◆ What you will do:
Exactly the lines from the one that holds "this 1632×1224 image." to the end of the data below: retype these and nothing else.

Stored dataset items

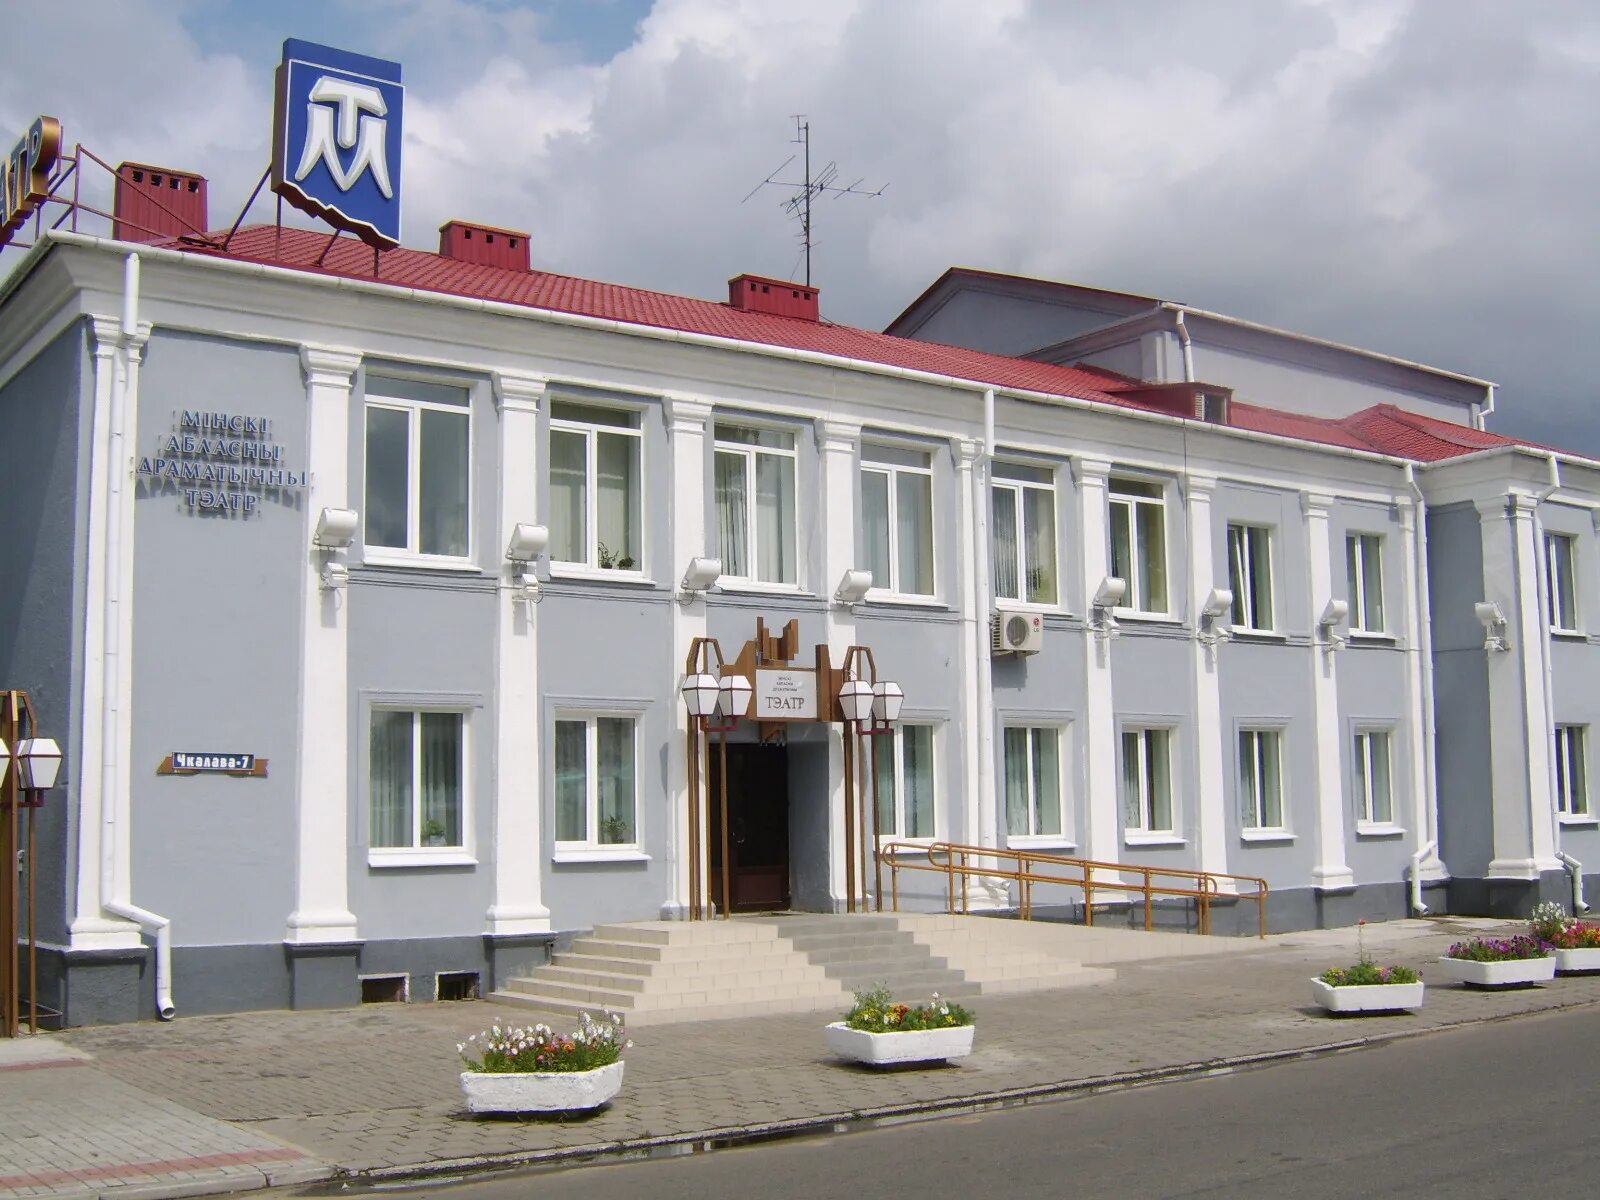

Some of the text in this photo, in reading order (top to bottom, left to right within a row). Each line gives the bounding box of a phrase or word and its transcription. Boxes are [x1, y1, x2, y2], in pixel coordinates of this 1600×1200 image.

[181, 410, 269, 433] МІНСКІ
[166, 435, 281, 461] АБЛАСНЫ
[136, 456, 307, 487] ДРАМАТЫЧНЫ
[186, 489, 257, 511] ТЭАТР
[765, 696, 805, 709] ТЭАТР
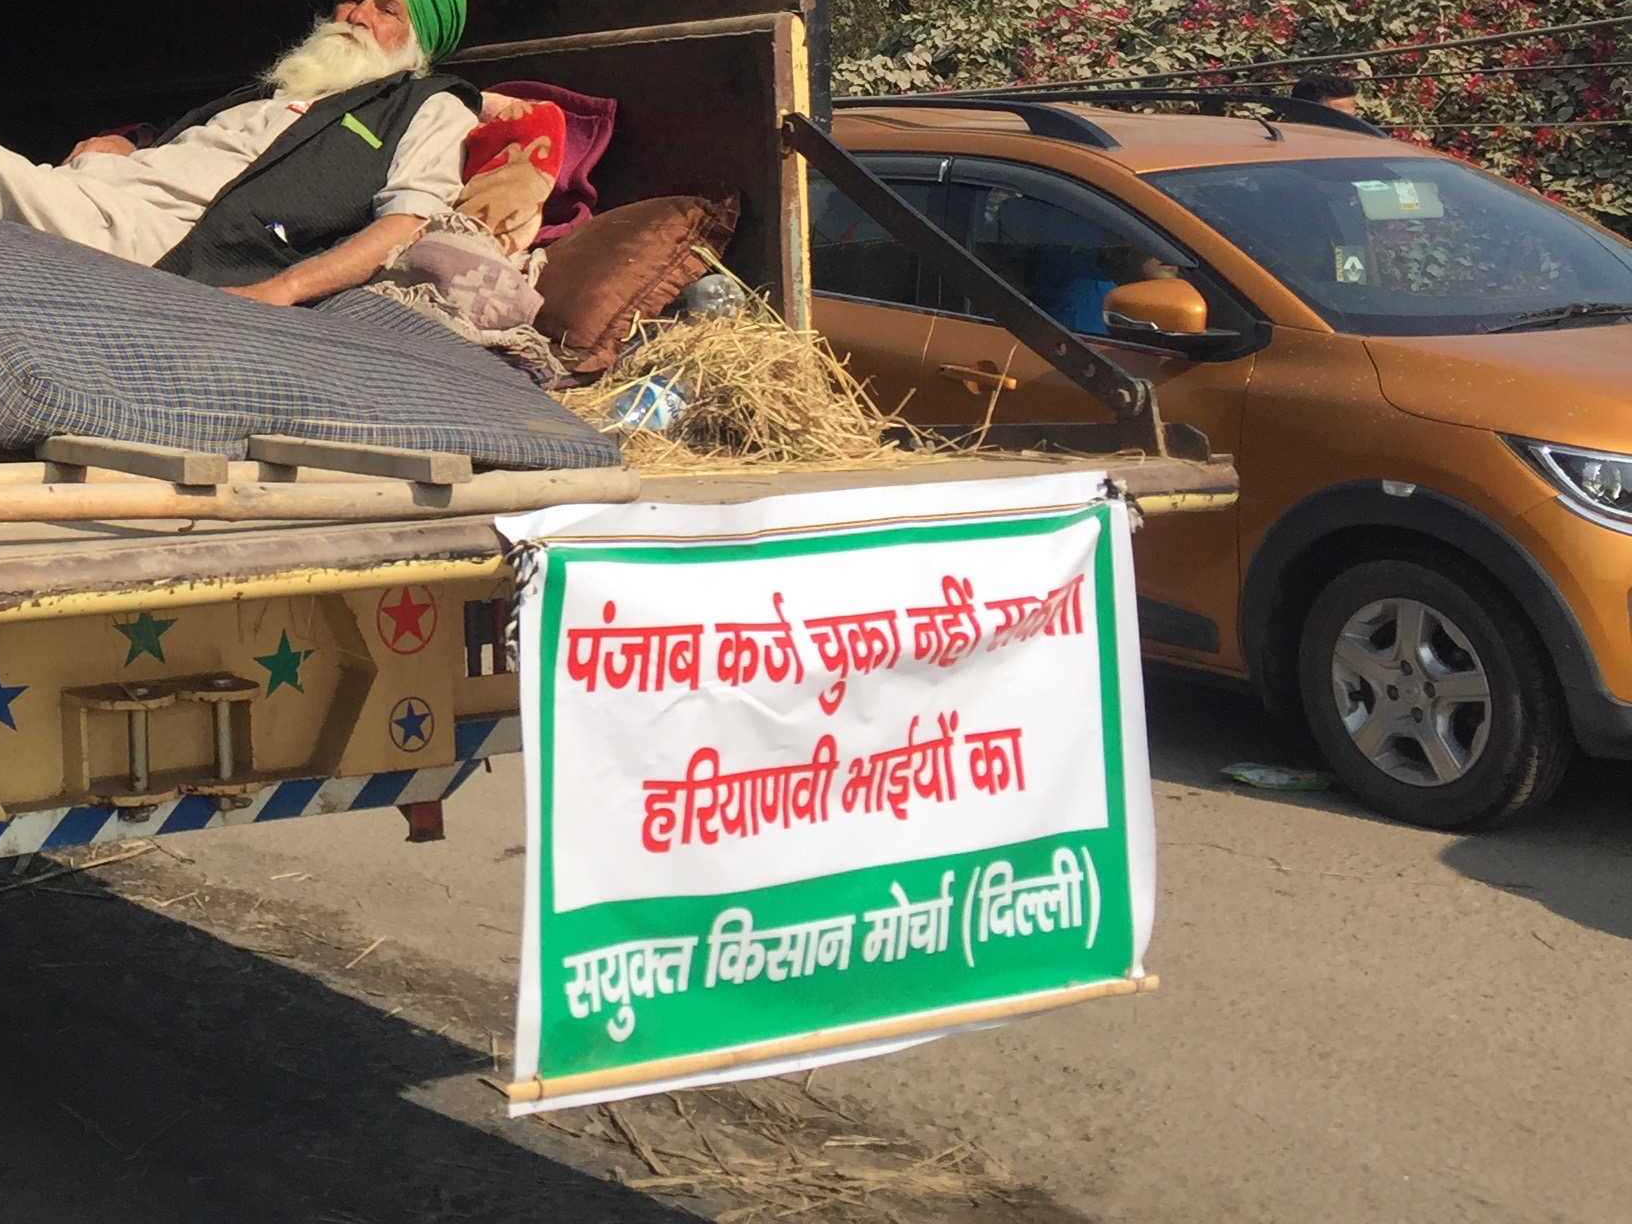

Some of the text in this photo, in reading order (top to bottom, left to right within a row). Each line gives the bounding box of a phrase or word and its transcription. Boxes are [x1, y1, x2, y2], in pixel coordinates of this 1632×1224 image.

[567, 600, 704, 693] पंजाब
[714, 592, 805, 685] कर्ज
[803, 610, 902, 716] चुका
[906, 575, 983, 668] नहीं
[642, 710, 1027, 853] हरियाणवी भाईयों का
[563, 846, 1102, 1042] सयुक्त किसान मोर्चा (दिल्ली)

◆ Result of this task:
Some of the text in this photo, in reading order (top to bottom, left to right within a row). Each line gives the bounding box of a phrase or word and its transcription. Boxes are [x1, y1, x2, y2], in pixel coordinates of this 1632×1224 image.

[567, 600, 704, 693] पंजाब
[714, 592, 805, 685] कर्ज
[803, 610, 902, 716] चुका
[906, 575, 983, 668] नहीं
[642, 710, 1027, 853] हरियाणवी भाईयों का
[563, 846, 1102, 1042] सयुक्त किसान मोर्चा (दिल्ली)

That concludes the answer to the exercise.